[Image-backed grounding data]
--*--
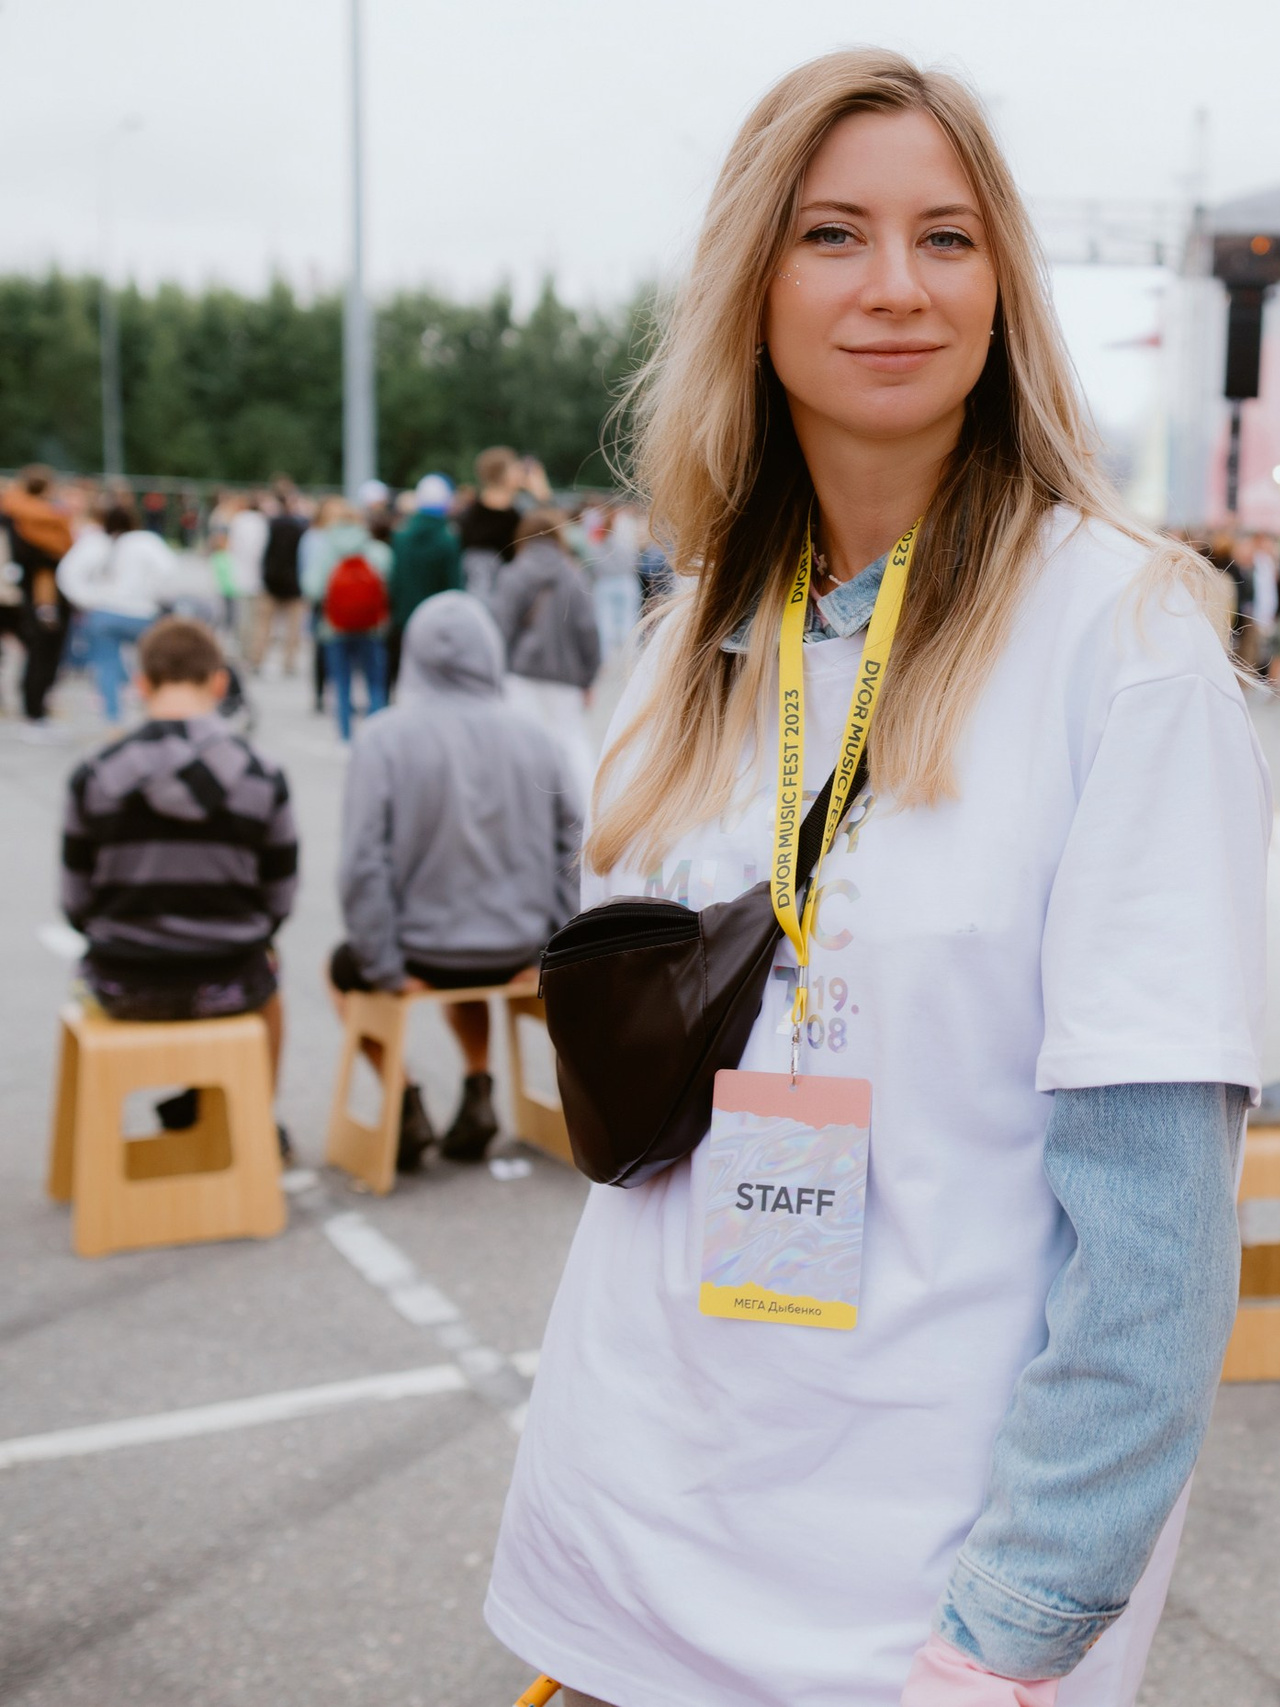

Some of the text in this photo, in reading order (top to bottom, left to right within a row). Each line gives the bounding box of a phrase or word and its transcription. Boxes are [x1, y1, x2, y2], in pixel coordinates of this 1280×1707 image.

[853, 660, 881, 720] DVOR
[837, 723, 864, 791] MUSIC
[776, 689, 799, 909] DVOR MUSIC FEST 2023
[812, 975, 859, 1014] 19.
[806, 1013, 848, 1054] 08
[735, 1182, 836, 1216] STAFF
[734, 1298, 822, 1316] МЕГА Дыбенко
--*--
[To do] Your copy should match the data exactly, apart from the images, which are dropped.

[Answer to this task]
Some of the text in this photo, in reading order (top to bottom, left to right within a row). Each line gives the bounding box of a phrase or word and its transcription. Boxes are [x1, y1, x2, y2], in pixel coordinates of this 1280×1707 image.

[853, 660, 881, 720] DVOR
[837, 723, 864, 791] MUSIC
[776, 689, 799, 909] DVOR MUSIC FEST 2023
[812, 975, 859, 1014] 19.
[806, 1013, 848, 1054] 08
[735, 1182, 836, 1216] STAFF
[734, 1298, 822, 1316] МЕГА Дыбенко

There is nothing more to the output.